Когда дверь закрылась, в створку через всю комнату полетела подушка.
– И вот с ним в Ямищи ехать! Я думал, нет наглей наших выскирегских мезонек, но этот!..
Улеш помалкивал, уставившись на доску для читимача. Он никогда не перечил Злату и вообще редко открывал рот. Он был на год моложе, а в волосах – полно седины. Злат перевёл дух:
– Твой ход…
Они довершали третий круг игры, когда снаружи донёсся звук, настороживший обоих. Негромкий, трепетный вздох, протяжный, бесконечно печальный…
– Мартхе говорил, башня воет, – прошептал Злат. – Наклонная. Когда с Кияна буря идёт.
Друзья прислушались. Зов повторился, долгий, тоскливый… вдруг взмыл, заворковал, зажурчал древней и простой колыбельной, известной множеству поколений андархов:
Внизу живота разбежались нити жутковатого холода. Злат быстро оглянулся на ближника. Улеш, белый как тесто, зажимал пальцами уши. Злат бессильно обнял друга. Заново ощутил себя щепкой в ручье, уносимой велением обстоятельств, волей гораздо более сильных людей… птахой с крылышками, укороченными от рождения. А он было разлетелся…
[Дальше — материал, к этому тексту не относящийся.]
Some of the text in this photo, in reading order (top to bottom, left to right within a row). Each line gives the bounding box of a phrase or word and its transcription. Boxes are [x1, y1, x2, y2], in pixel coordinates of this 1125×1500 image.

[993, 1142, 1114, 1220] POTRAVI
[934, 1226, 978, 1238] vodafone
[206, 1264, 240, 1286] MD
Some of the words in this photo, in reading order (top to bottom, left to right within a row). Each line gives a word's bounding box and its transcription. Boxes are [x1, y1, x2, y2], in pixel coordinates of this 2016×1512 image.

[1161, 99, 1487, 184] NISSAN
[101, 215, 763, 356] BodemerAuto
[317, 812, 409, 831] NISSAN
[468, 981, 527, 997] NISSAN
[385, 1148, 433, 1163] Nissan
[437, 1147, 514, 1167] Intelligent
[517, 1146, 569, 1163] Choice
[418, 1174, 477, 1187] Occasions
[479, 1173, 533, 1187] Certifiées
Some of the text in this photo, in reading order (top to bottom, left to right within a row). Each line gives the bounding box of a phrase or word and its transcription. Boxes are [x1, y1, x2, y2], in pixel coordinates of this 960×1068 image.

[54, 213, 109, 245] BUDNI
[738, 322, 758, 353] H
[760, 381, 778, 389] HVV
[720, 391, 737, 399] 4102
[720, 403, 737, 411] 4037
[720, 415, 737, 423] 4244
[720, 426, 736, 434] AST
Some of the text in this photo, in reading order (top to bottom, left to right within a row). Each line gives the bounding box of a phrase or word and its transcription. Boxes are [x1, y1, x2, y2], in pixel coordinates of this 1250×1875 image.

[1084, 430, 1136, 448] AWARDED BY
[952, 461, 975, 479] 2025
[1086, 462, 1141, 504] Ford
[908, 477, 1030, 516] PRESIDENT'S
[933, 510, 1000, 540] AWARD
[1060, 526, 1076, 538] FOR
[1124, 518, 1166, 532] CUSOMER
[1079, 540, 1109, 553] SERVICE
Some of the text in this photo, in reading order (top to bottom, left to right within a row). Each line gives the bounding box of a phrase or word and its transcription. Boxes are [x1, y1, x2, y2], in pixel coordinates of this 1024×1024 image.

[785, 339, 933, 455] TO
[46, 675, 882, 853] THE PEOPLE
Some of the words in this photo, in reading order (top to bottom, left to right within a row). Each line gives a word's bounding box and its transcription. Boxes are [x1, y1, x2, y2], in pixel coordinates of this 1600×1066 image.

В нескольких верстах от крепости, на вольной поляне, у мораничей был устроен боевой городок. Чтобы крепить руку и глаз, разрубая снежных болванов. А промахнувшись мимо цели стрелой, не клеить новую взамен разбитой о камни.
– Ты первый из праведных потомков, кто приехал самолично взглянуть, как мы здесь славим Владычицу, – сказал Ветер.
«Я не царевич и не смею посягать на родство, – ещё при начале знакомства уведомил его Злат. – Ты слишком великодушен…» Ветер посмеялся. И продолжал вести себя так, будто в гости пожаловал сам Гайдияр. Восемнадцать лет домашнего ига дёргали за язык, но Злат не давал ему воли. Что однажды сказано, не поновляй, упреждал Мартхе. Ум клинок, память щит: а его щита никто не пронял…
– Слишком многие довольствуются сказками о страшном котле, где злые похитчики детей варят, – продолжал Ветер.